I’m up on the ladder, helping install resin flowers! Photo by Shannon Di

The viewer enters a frosty pale blue room with intricate cast resin piles of snowflakes on the floor surrounded by fake snow, The walls hold more cast resin snowflakes, layered like a snowdrift, pointing you towards a dark black room where rows of icicles hang from the ceiling and hundreds upon hundreds of translucent resin flowers adorn the walls. It is a joyous sight, an abstract memory of winters long past. But these ornaments hold symbolic purpose, as Carson Fox crafts her memories in the undying medium of resin to hold on to her loved ones in defiance of their– and her own– mortality.

Snowdrift #1

Snowdrift #1

The frosty blue entrance room has iridescent walls that glimmer and reflect the sculptures resting on them. Against the front wall is the 6.5ft-wide “Snow Cloud #6,” facing “Snow Cloud #5,” two of the artist’s later attempts at these labor-intensive sculptures. Fox melds individually molded large, glassy, transparent silvery-white snowflakes together with liquid resin to create varying representations of melting ice in wintery environments. On ice-blue pedestals scattered with sparkly fake snow in the centre of the room are 68″-wide “Snow Drift #1″ and “Snow Drift #2″; the artist increased her use of liquid resin and pigment to lend her snow piles eerily realism in their depiction of melting snow. “Snow Drift #2,” my favourite in this room, had faded grey resin at the bottom, mimicking dirty snow piled on a street corner.

Icicle Field

Icicle Field

The main gallery is entirely painted a soft glossy black that reflects “Icicle Field,” a 15ft square of icicles hanging in orderly rows from the ceiling above. These cast resin icicles are about two feet long, clear, and pointed; they loom ominously above the viewer, reminding them of the danger that ice can also pose, as any of these beautiful daggers could easily kill you in a real wintery environment.
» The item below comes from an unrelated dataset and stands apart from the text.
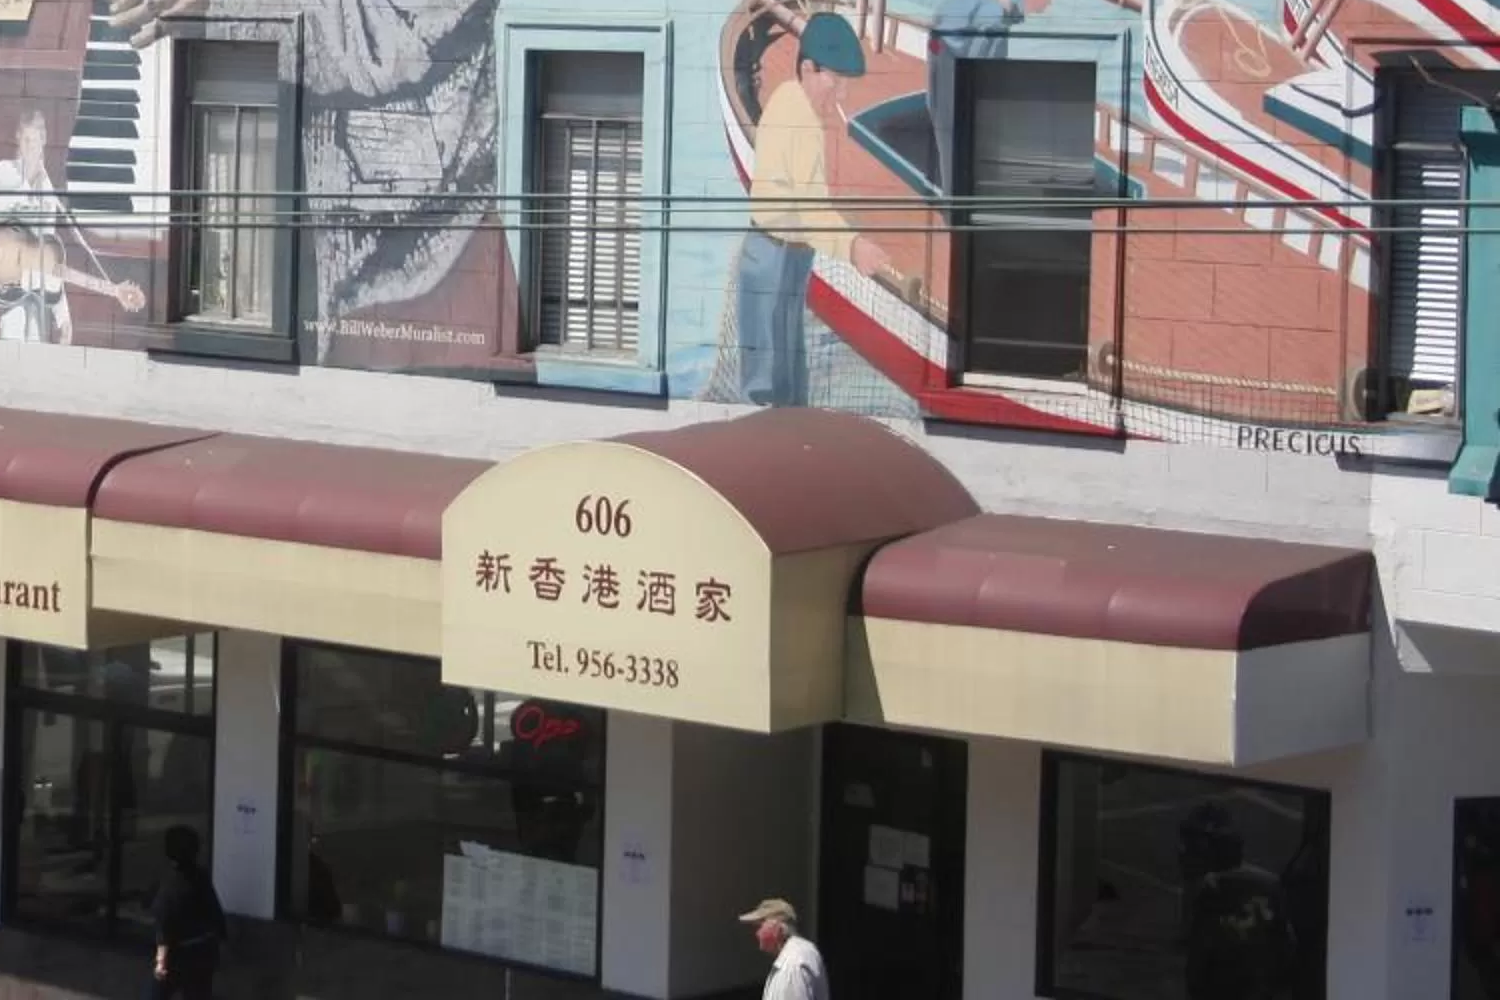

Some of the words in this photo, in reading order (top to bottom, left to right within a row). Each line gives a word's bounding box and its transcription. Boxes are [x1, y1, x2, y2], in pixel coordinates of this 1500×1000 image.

They gently refract the light in all directions through imperfections in the icicles, causing the field of icicles to glow independently of other objects in the room. Beyond the field’s foreboding limits lies “Silver Field,” hundreds of individually molded silvery blue resin flowers form thick clouds illuminating the dark walls. The flowers are reflected against the glossy walls, creating an otherworldly iridescent effect. Every flower is unique, and many kinds of molds were used to put them together; sand dollar, starfish and anemone shapes abound amidst daisy, star and sun motifs, with pigments ranging from frosty blue and purple to metallic silver, entwining general motifs of happy memories amidst the icy cave-wall effect of the installation.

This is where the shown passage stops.